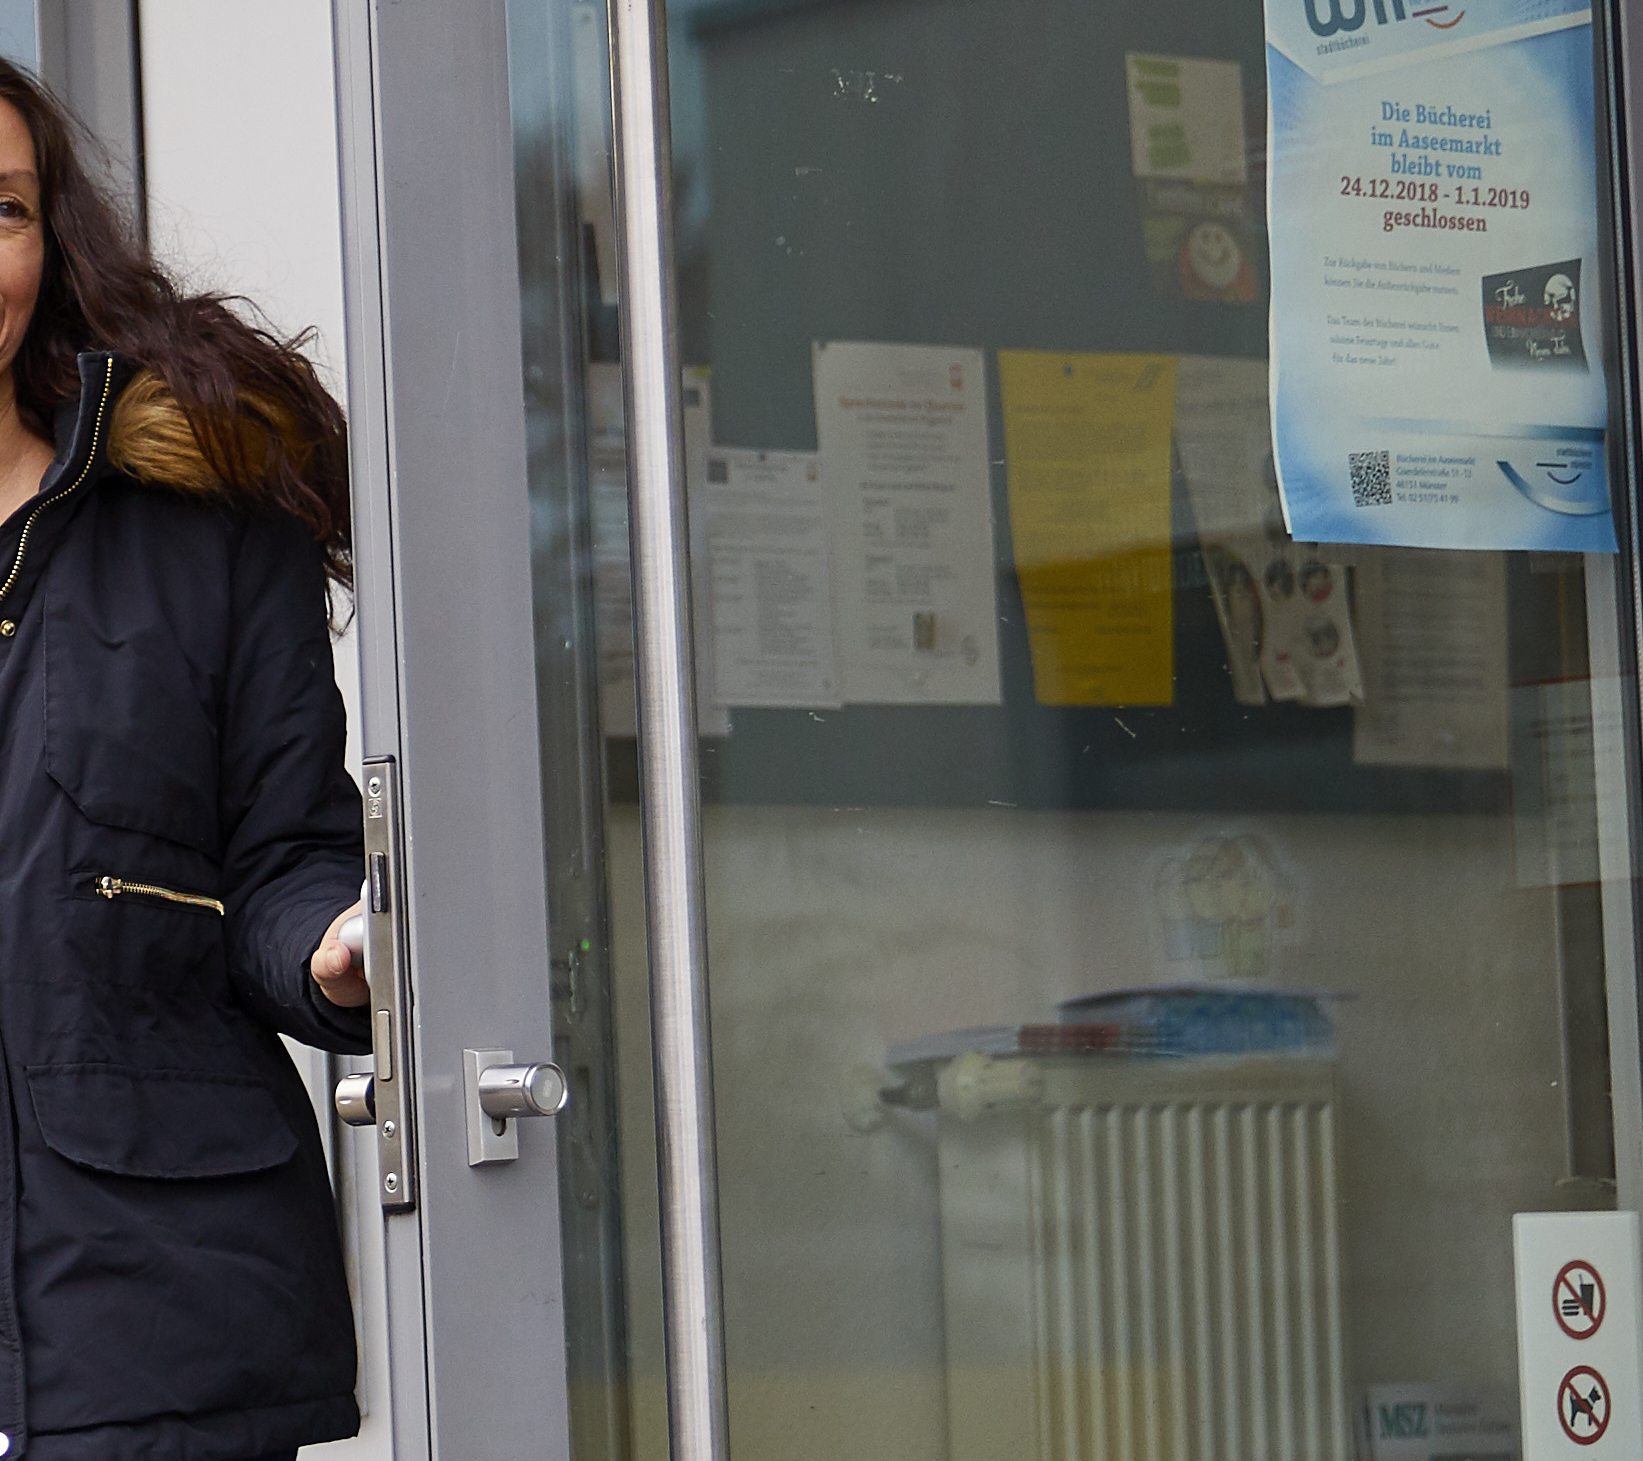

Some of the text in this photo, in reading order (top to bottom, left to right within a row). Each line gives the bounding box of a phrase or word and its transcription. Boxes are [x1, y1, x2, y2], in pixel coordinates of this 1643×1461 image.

[1381, 101, 1491, 129] Die Bücherei
[1371, 126, 1502, 156] im Aaseemarkt
[1391, 153, 1482, 180] bleibt vom
[1340, 176, 1438, 202] 24.12.2018
[1455, 186, 1530, 209] 1.1.2019
[1382, 208, 1487, 232] geschlossen
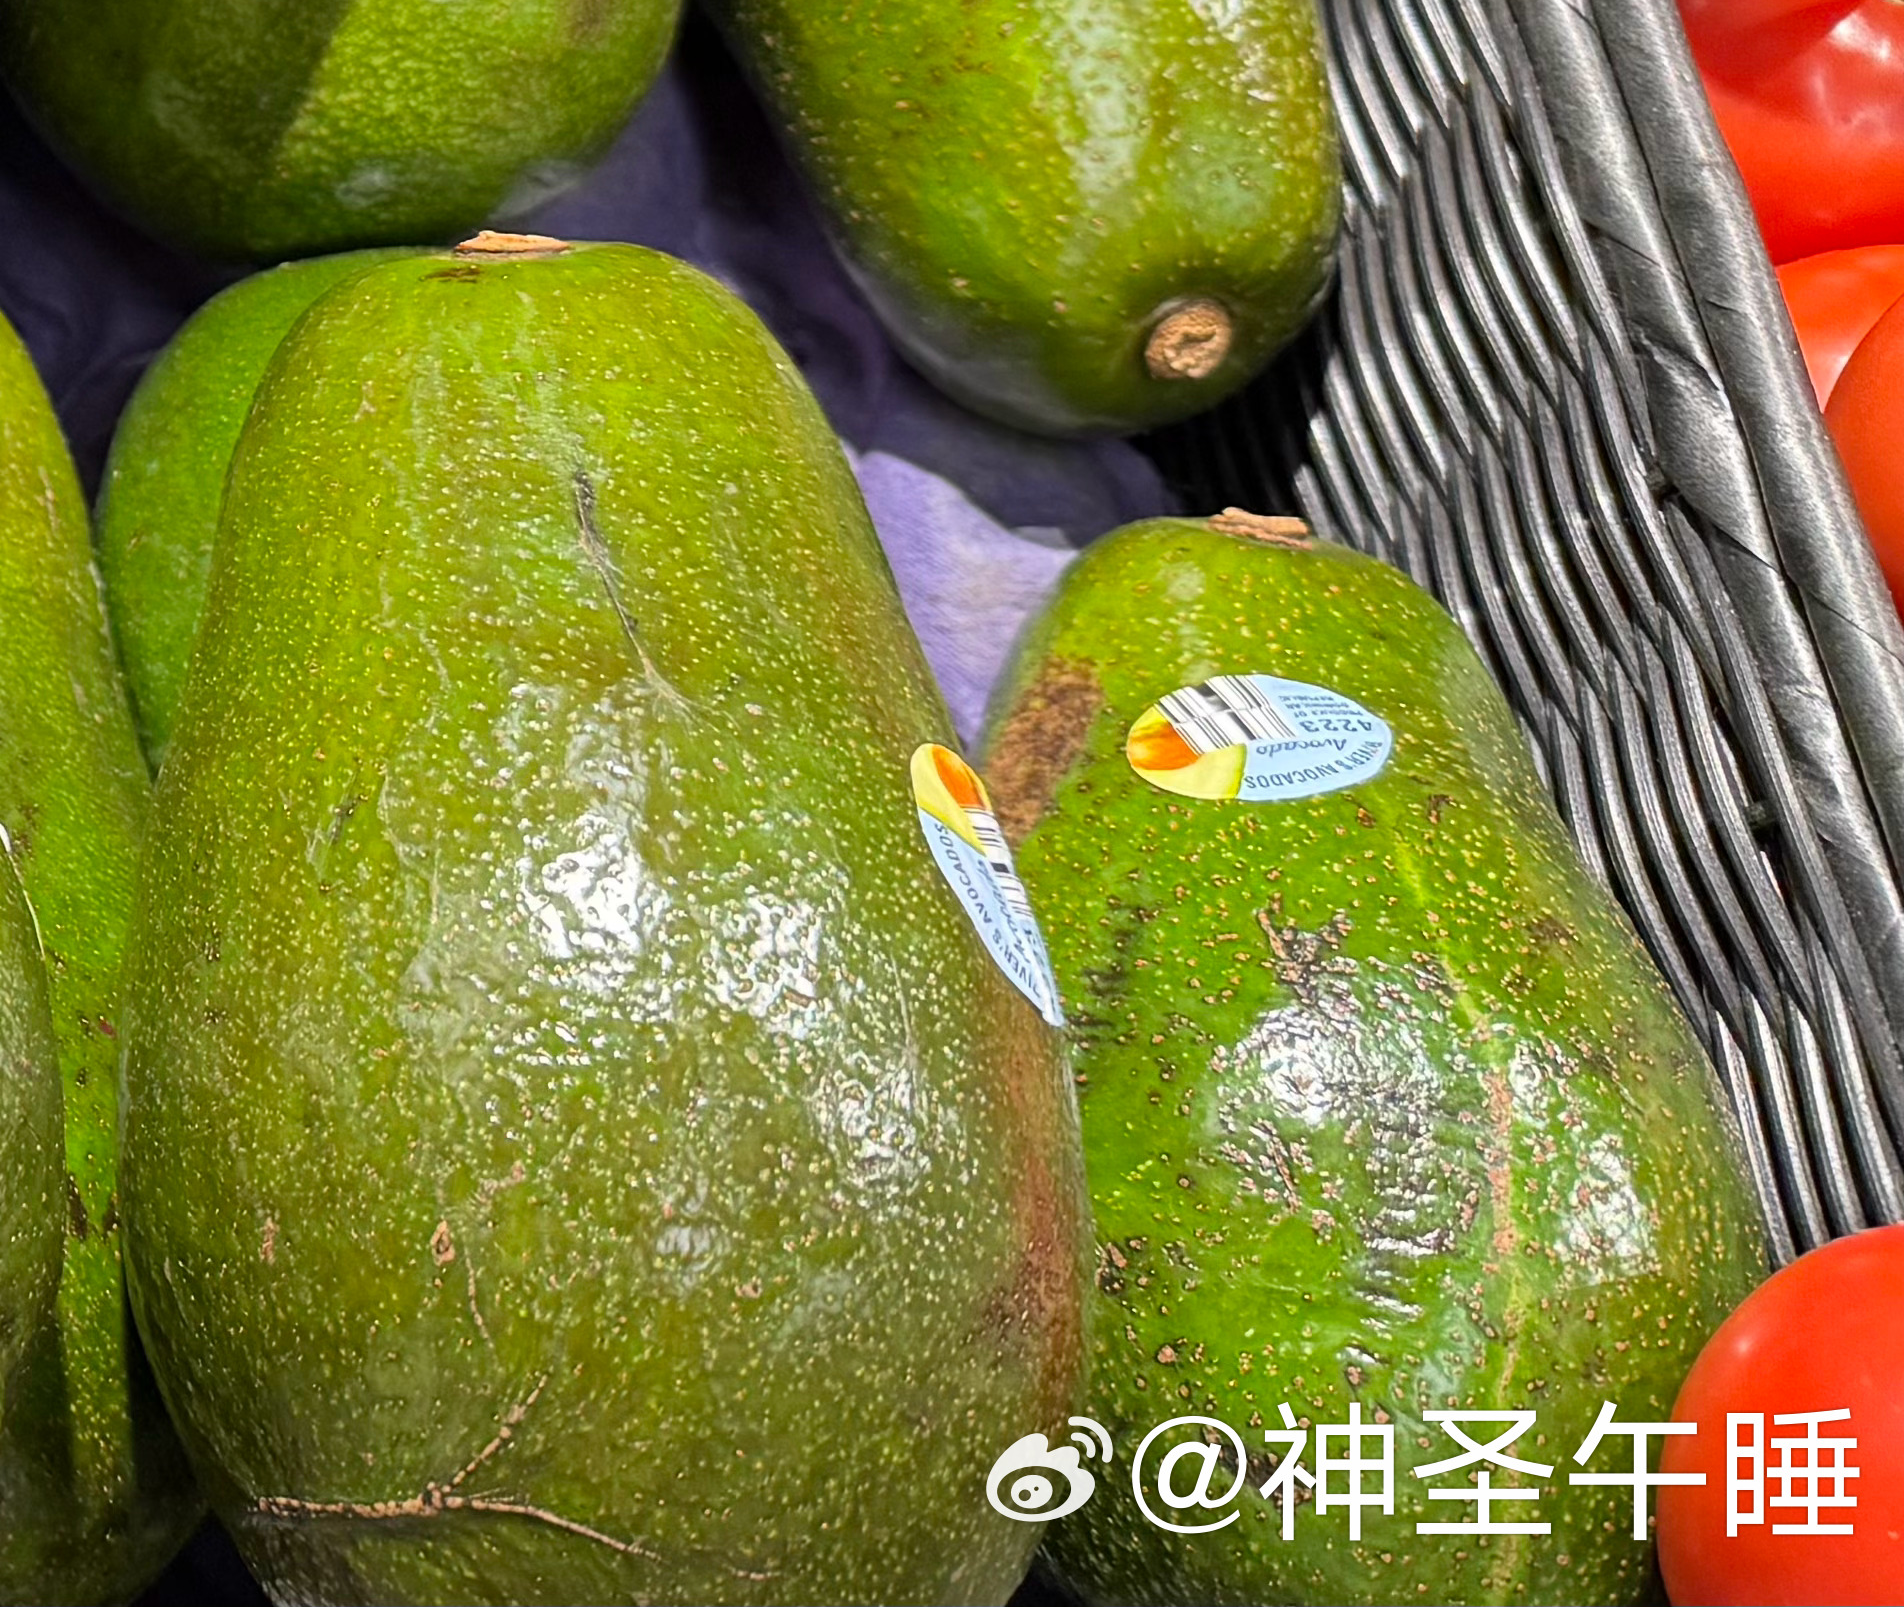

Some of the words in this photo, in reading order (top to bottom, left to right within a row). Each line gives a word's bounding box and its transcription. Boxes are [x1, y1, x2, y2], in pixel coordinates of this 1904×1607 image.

========================================

§ **Task**: Print each record exactly as it stands, skipping the pictures.

§ **Output for this task**:
Some of the text in this photo, in reading order (top to bottom, left to right within a row). Each line gives the bounding box of a phrase or word and its transcription. Boxes are [x1, y1, x2, y2], in pixel coordinates of this 1643×1461 image.

[1381, 101, 1491, 129] Die Bücherei
[1371, 126, 1502, 156] im Aaseemarkt
[1391, 153, 1482, 180] bleibt vom
[1340, 176, 1438, 202] 24.12.2018
[1455, 186, 1530, 209] 1.1.2019
[1382, 208, 1487, 232] geschlossen

Some of the words in this photo, in reading order (top to bottom, left to right within a row). Each line gives a word's bounding box and its transcription. Boxes are [x1, y1, x2, y2], in pixel coordinates of this 1904×1607 image.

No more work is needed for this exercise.